Samstag, 28.5. :

die Gregorkirche, die wir besuchten Es ist armenischer Nationalfeiertag, Davon bekommen wir allerdings wenig mit, außer, dass es abends extra lange Strom gibt. Zum Frühstück gibt es eine Art Kartoffelpfannekuchen, außerdem Brot, Wurst, Käse, Marmelade, sogar Butter, die in Armenien besonders knapp ist.Wir machen mit Armen, seiner Mutter und einigen Freunden einen Ausflug. Mit dabei sind unter anderem Vera, schätzungsweise 25 Jahre alt, Leiterin der Konsularabteilung der deutschen Botschaft, und Erika, ca. 50 Jahre, die mit der Gründung und dem Aufbau von Waldorfschulen in aller Welt zu tun hat.
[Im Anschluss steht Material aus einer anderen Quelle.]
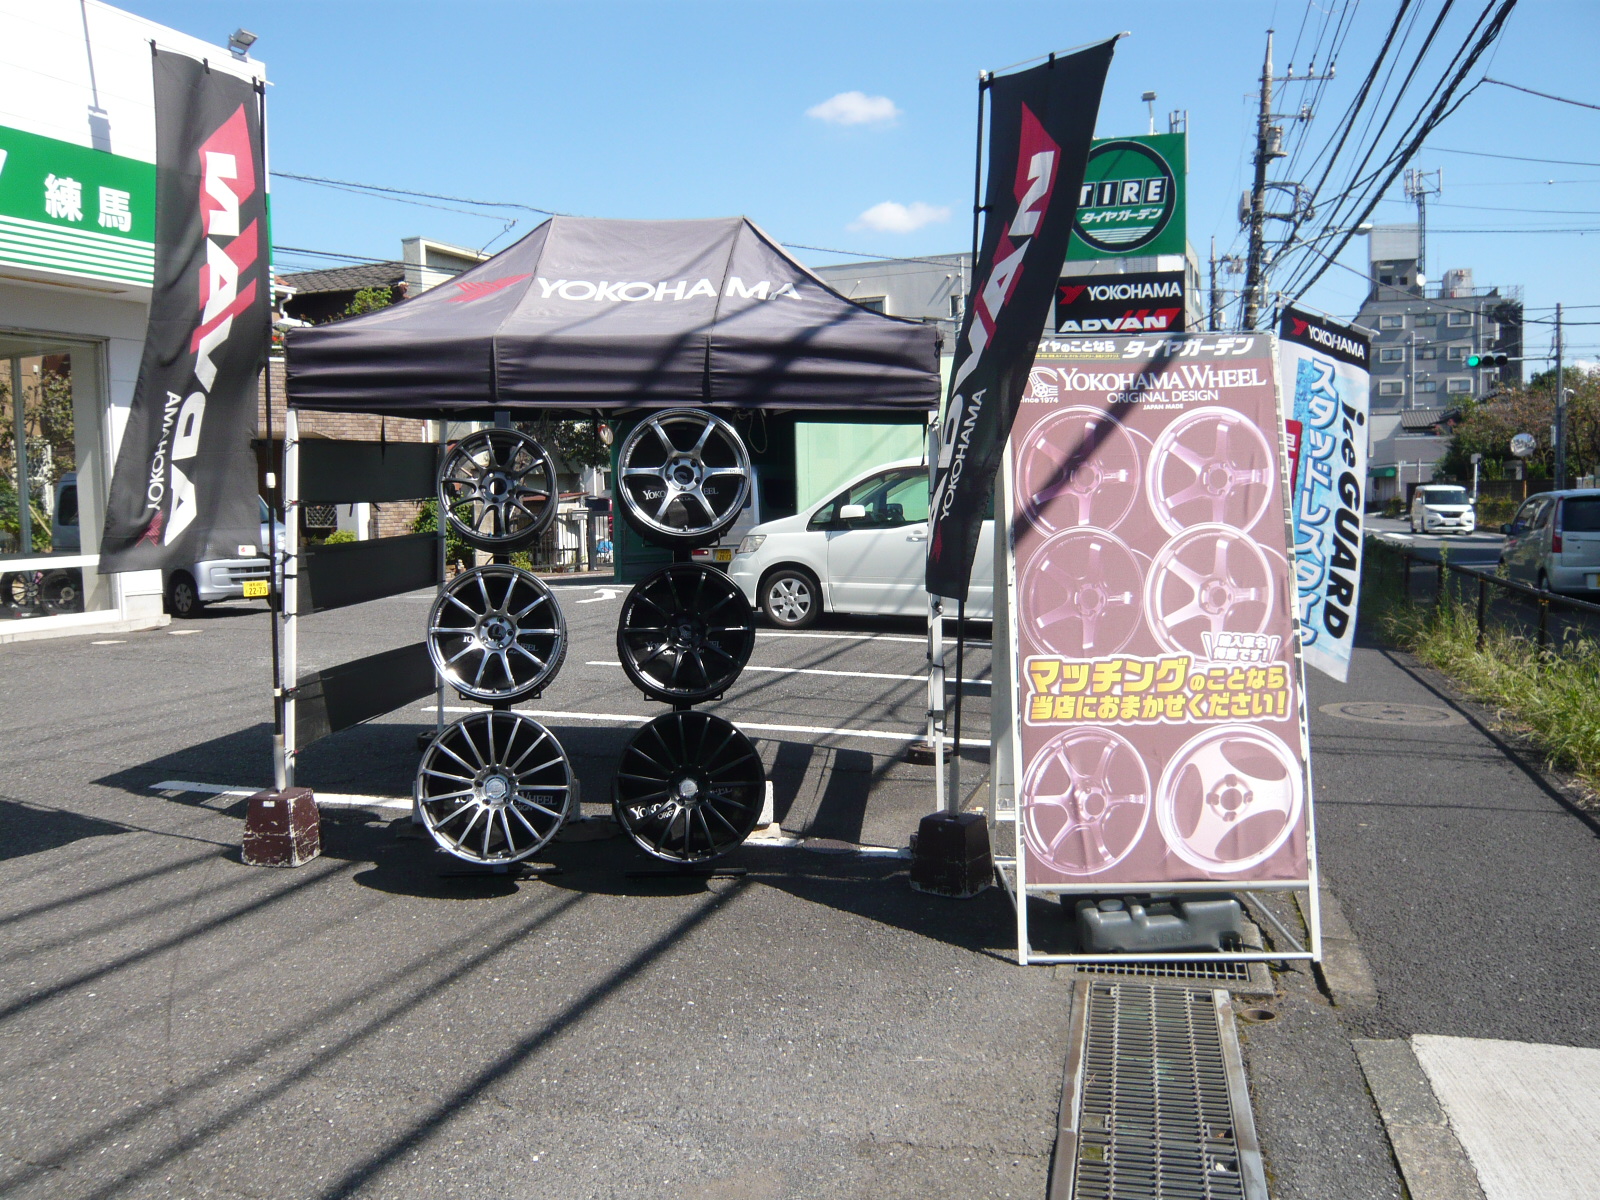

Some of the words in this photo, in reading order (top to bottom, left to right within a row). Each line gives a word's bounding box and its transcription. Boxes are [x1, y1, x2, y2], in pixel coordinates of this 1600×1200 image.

[44, 173, 132, 232] 練馬
[1079, 180, 1162, 206] TIRE
[1080, 207, 1163, 224] タイヤガーデン
[537, 276, 802, 301] YOKOHAMA
[1087, 282, 1182, 301] YOKOHAMA
[1059, 316, 1167, 333] ADVAN
[1037, 340, 1117, 353] イヤのことなら
[1122, 337, 1254, 359] タイヤガーデン
[1308, 324, 1365, 360] YOKOHAMA
[1057, 367, 1185, 391] YOKOHAMA
[1179, 364, 1267, 389] WHEEL
[1021, 395, 1039, 404] ince
[1041, 396, 1059, 404] 1974
[1106, 391, 1169, 404] ORIGINAL
[1171, 389, 1219, 402] DESIGN
[940, 388, 987, 521] YOKOHAMA
[1324, 400, 1365, 639] iceGUARD
[1030, 657, 1285, 693] マッチングのことなら
[1031, 691, 1286, 720] 当店におまかせください!
Wir fahren durch die Araratebene bis kurz vor die türkische Grenze, ca. 50 km, und besichtigen eine auf einem Hügel gelegene Kirche, die Gregorkirche.

Unter der Kirche befindet sich eine Höhle, in der Gregor der Erleuchter, die wichtigste Figur der armenischen Kirchengeschichte, vor Gründung der Staatskirche 15 Jahre lang eingemauert gewesen sein soll. Auch diese Höhle haben wir besichtigt. Man steigt eine etwa 8 Meter lange Leiter in einen völlig unbeleuchteten Raum hinab. Von oben hat man einen hervorragenden Blick auf den Ararat, auf das ansteigende Gelände davor und auf die Befestigungsanlagen an der türkischen Grenze. Es ist fast wolkenlos und sehr heiß. Armen zeigt uns, an welcher Seite Noah den Berg verlassen haben soll. Danach ist die armenische Provinz Nachitschevan (= Wiederkommen) benannt. Nachitschevan gehört heute zu Aserbaidschan. Wir trinken eine lauwarme Cola, wie sie an mehreren kleinen Verkaufsständen angeboten wird, für einen Dollar.
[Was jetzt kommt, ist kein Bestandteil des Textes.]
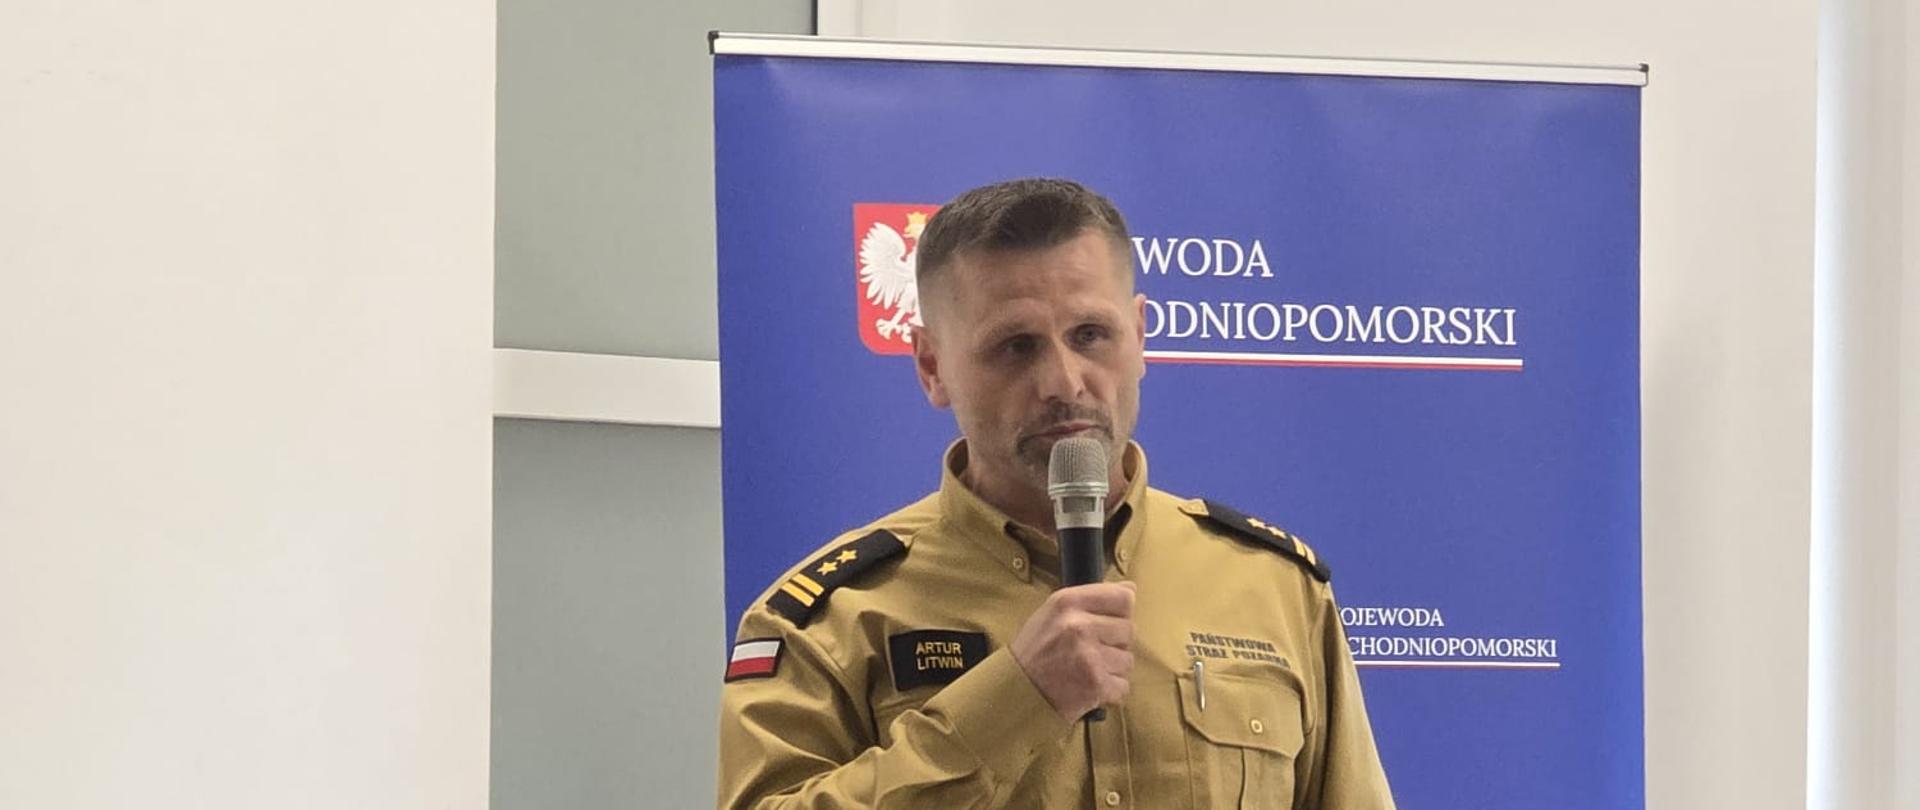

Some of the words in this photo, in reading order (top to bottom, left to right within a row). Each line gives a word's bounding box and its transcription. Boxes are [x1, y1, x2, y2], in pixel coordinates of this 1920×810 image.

[1131, 236, 1274, 277] WODA
[1338, 606, 1445, 627] OJEWODA
[915, 642, 962, 655] ARTUR
[917, 656, 964, 670] LITWIN
Nicht weit von hier liegt auch die Stadt Ararat. Der "Verein armenischer Mediziner in Deutschland e.V." unterstützt das dortige Krankenhaus. Weil kein Benzingeld für den Krankenwagen da ist, wurde vor kurzem eine Pferdekutsche angeschafft.
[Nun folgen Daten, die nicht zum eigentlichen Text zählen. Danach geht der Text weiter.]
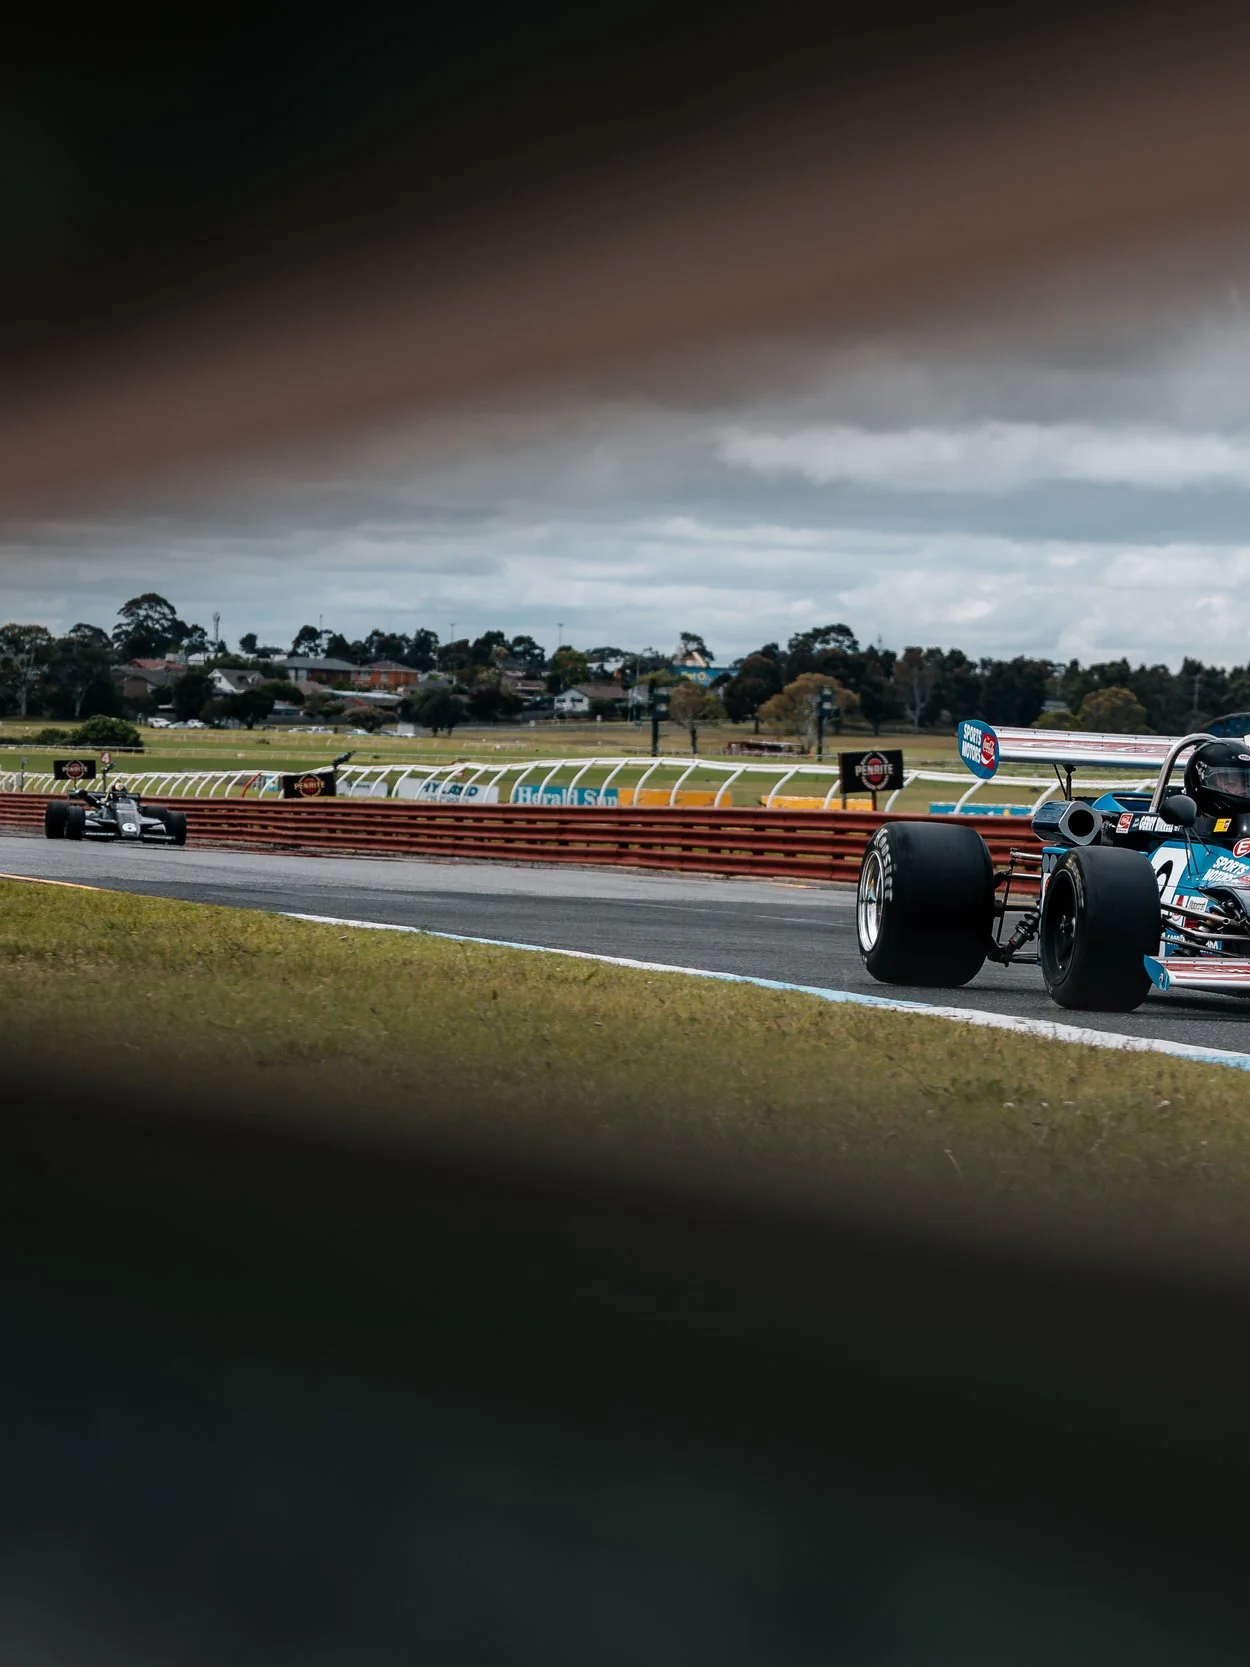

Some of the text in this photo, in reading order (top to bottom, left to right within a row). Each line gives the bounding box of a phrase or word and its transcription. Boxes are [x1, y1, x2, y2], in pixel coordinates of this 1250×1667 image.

Auf dem Rückweg besuchen wir in dem kleinen Ort Dimitrov Christian Rex, Biobauer aus Salem am Bodensee, der sich vor drei Jahren in Armenien niedergelassen hat. Die armenische Landwirtschaft hat mit großen Problemen zu kämpfen, Nach dem Zusammenbruch des Kommunismus wurde das Land in kleine Flächen aufgeteilt, ein halber bis ein Hektar pro Familie. Deshalb muss die Landwirtschaft sehr intensiv betrieben werden, und entsprechend wird Chemie eingesetzt, außer bei Christian natürlich.

Neben der Umstellung von der Planwirtschaft auf die Privatwirtschaft ist die Wasserknappheit ein weiteres Problem der armenischen Landwirtschaft. Fast alles muss bewässert werden, und dazu müssen auch unterirdische Quellen angezapft werden. Der Wasserspiegel des Sevan-Sees, des größten Hochgebirgssees der Welt, ist in den letzten Jahren beträchtlich gesunken, weil zu viel Wasser entnommen wurde. Angebaut wird in Armenien alles mögliche. Der Schwerpunkt liegt auf Gemüse, das mehrmals im Jahr geerntet werden kann. Es gibt auch viel Obst und Wein. Wir bekommen frische Erdbeeren angeboten, und Maulbeeren, grünlichweiße, himbeerähnliche Früchte, die man nur sehr vorsichtig genießen sollte, vor allem nicht zusammen mit Getränken, wie man mir geraten hat, als es schon zu spät war.  Am nächsten Tag hatte ich starken Durchfall.
Milch ist totale Mangelware in Armenien. Die meisten Landwirte halten eine Kuh für den Eigenbedarf, die staatlichen Milchwerke sitzen praktisch auf dem Trockenen. Ein Liter Milch kostet etwa einen Dollar.
Verkauft wurde alles, was nicht niet-und nagelfest war. Hier ein Einmannmarktstand mit Sonnenschirm. Es wird Brot verkauft.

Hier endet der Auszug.